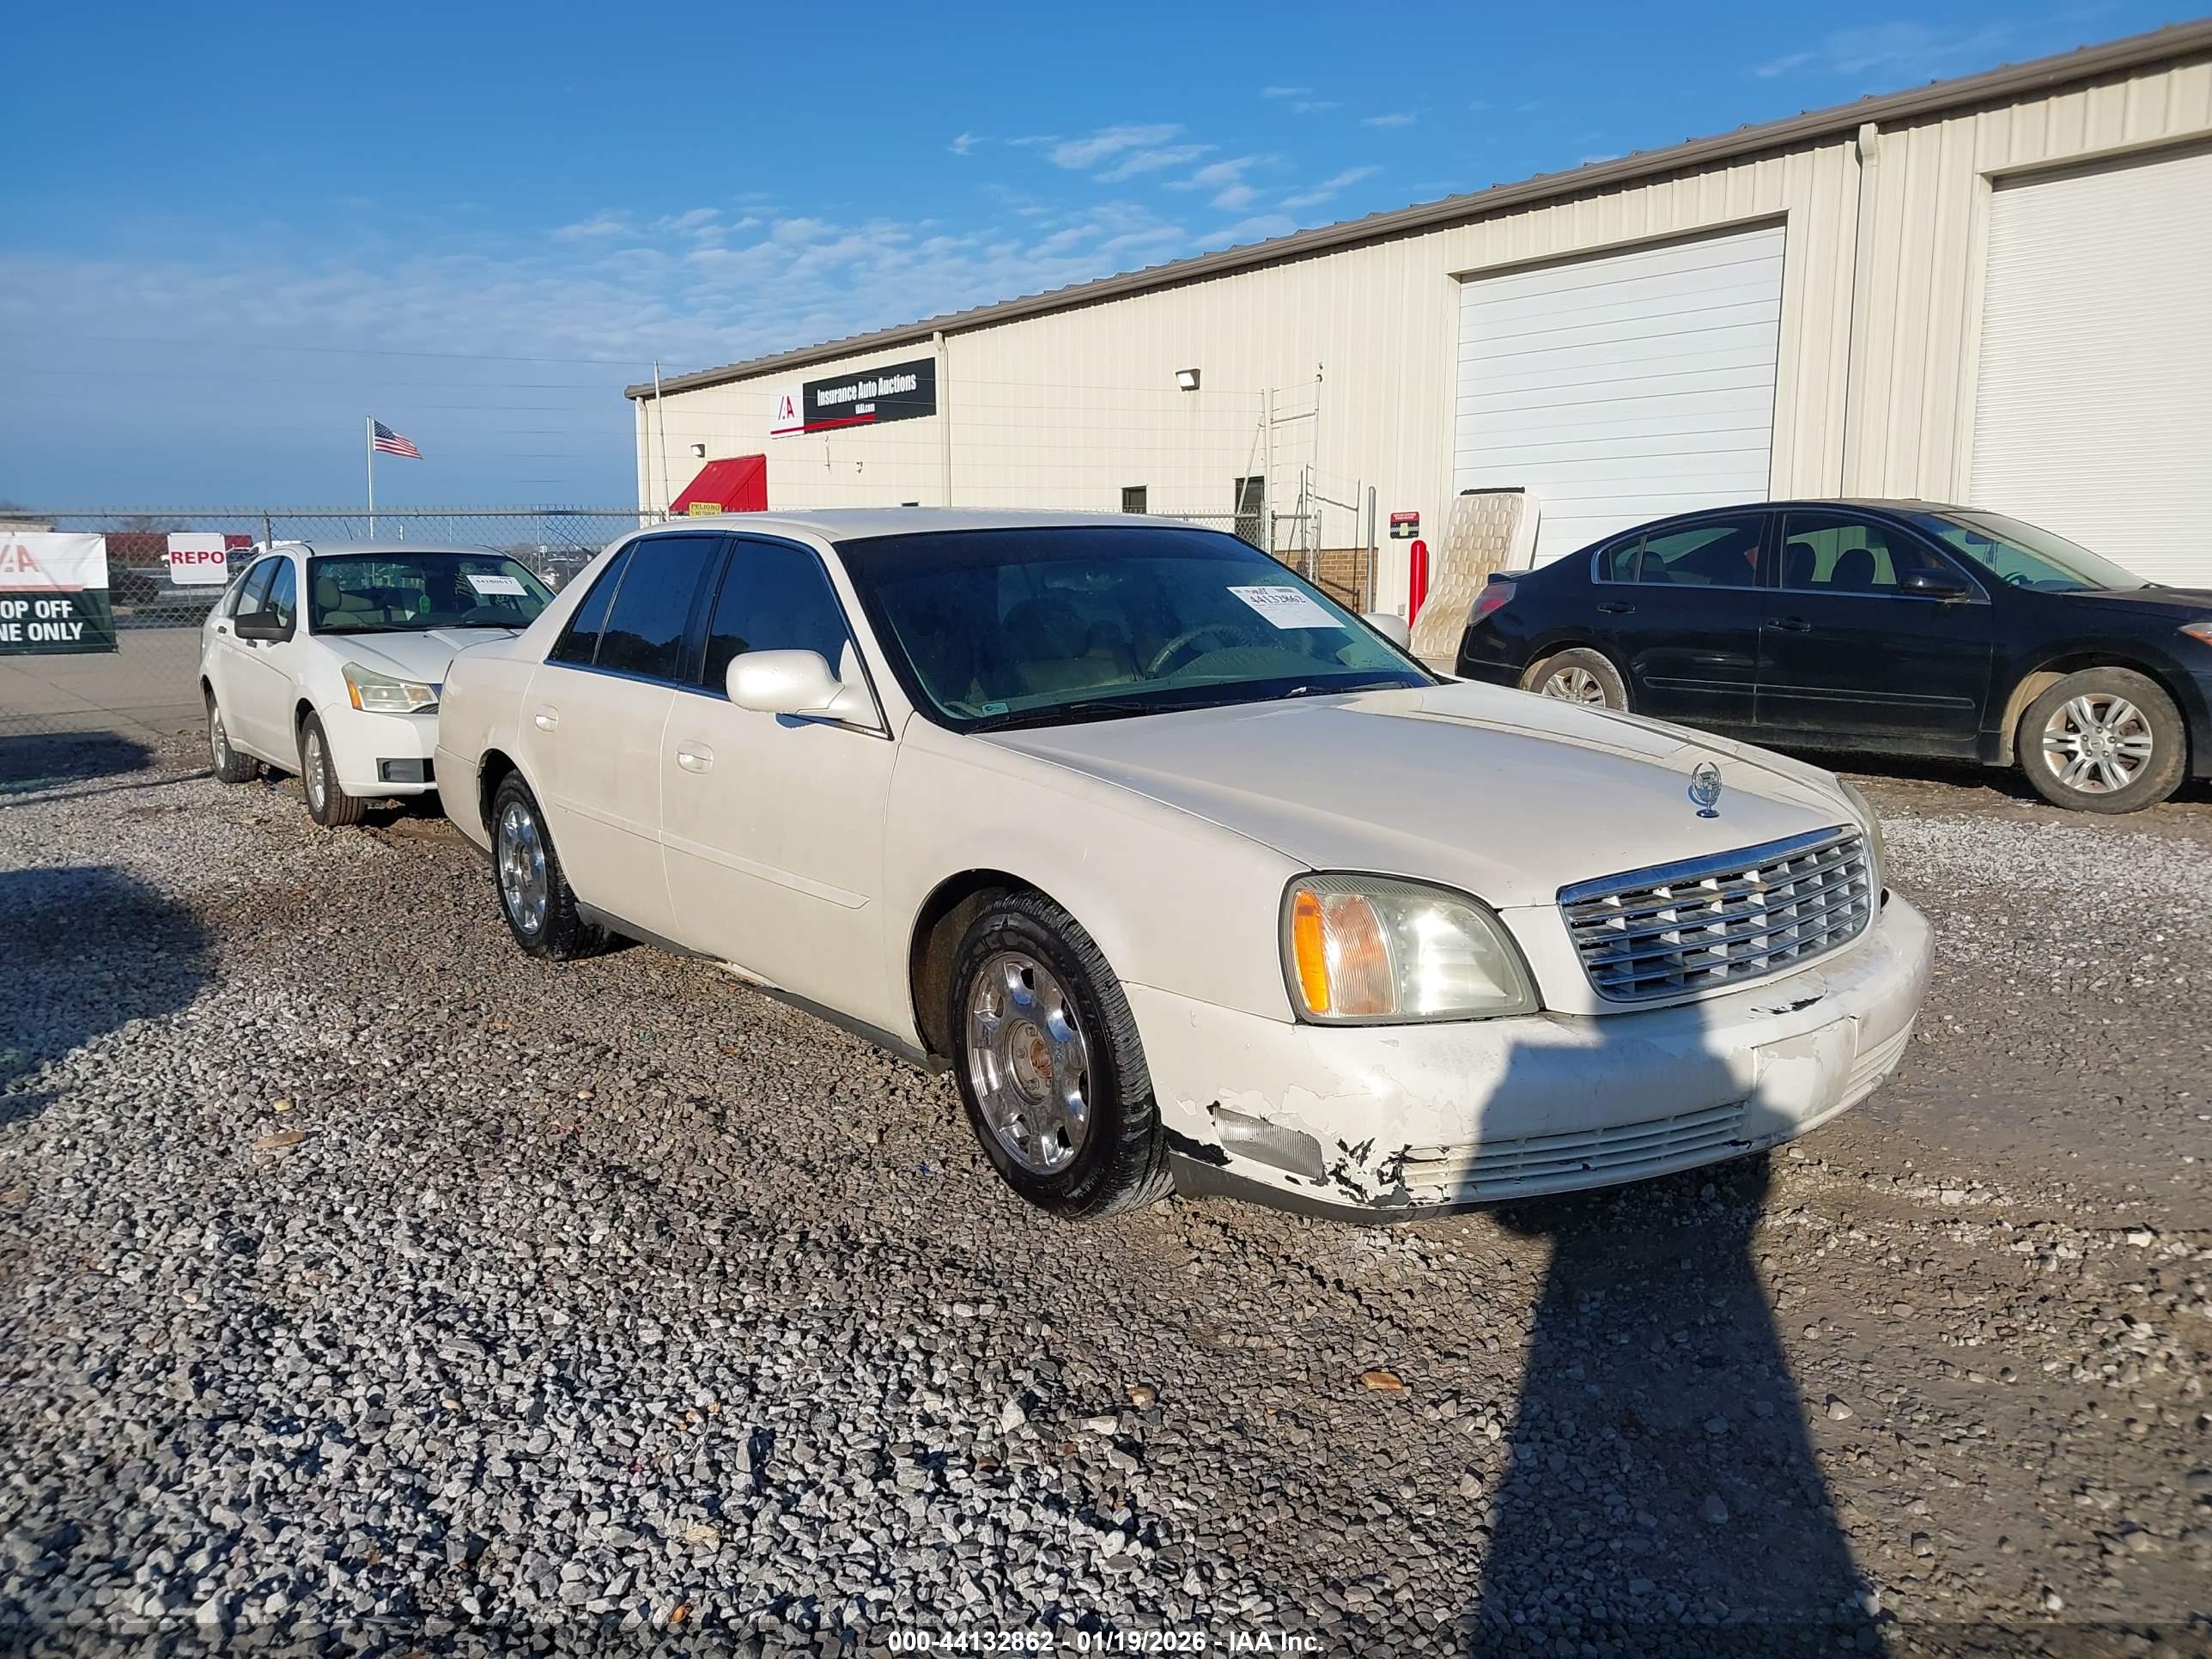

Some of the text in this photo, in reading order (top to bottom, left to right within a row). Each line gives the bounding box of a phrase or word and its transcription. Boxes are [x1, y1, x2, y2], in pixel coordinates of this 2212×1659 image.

[817, 373, 917, 407] Insurance Auto Auctions
[172, 551, 225, 565] REPO
[1249, 595, 1306, 604] 44132862
[35, 600, 73, 618] OFF
[28, 622, 83, 641] ONLY

────────

» **Activity**
In the reply, each line of the data must appear exactly as written, and no picture may appear.

» **Written answer**
Some of the text in this photo, in reading order (top to bottom, left to right within a row). Each line gives the bounding box of a phrase or word and its transcription. Boxes are [x1, y1, x2, y2], in pixel coordinates of this 2212×1659 image.

[817, 373, 917, 407] Insurance Auto Auctions
[172, 551, 225, 565] REPO
[1249, 595, 1306, 604] 44132862
[35, 600, 73, 618] OFF
[28, 622, 83, 641] ONLY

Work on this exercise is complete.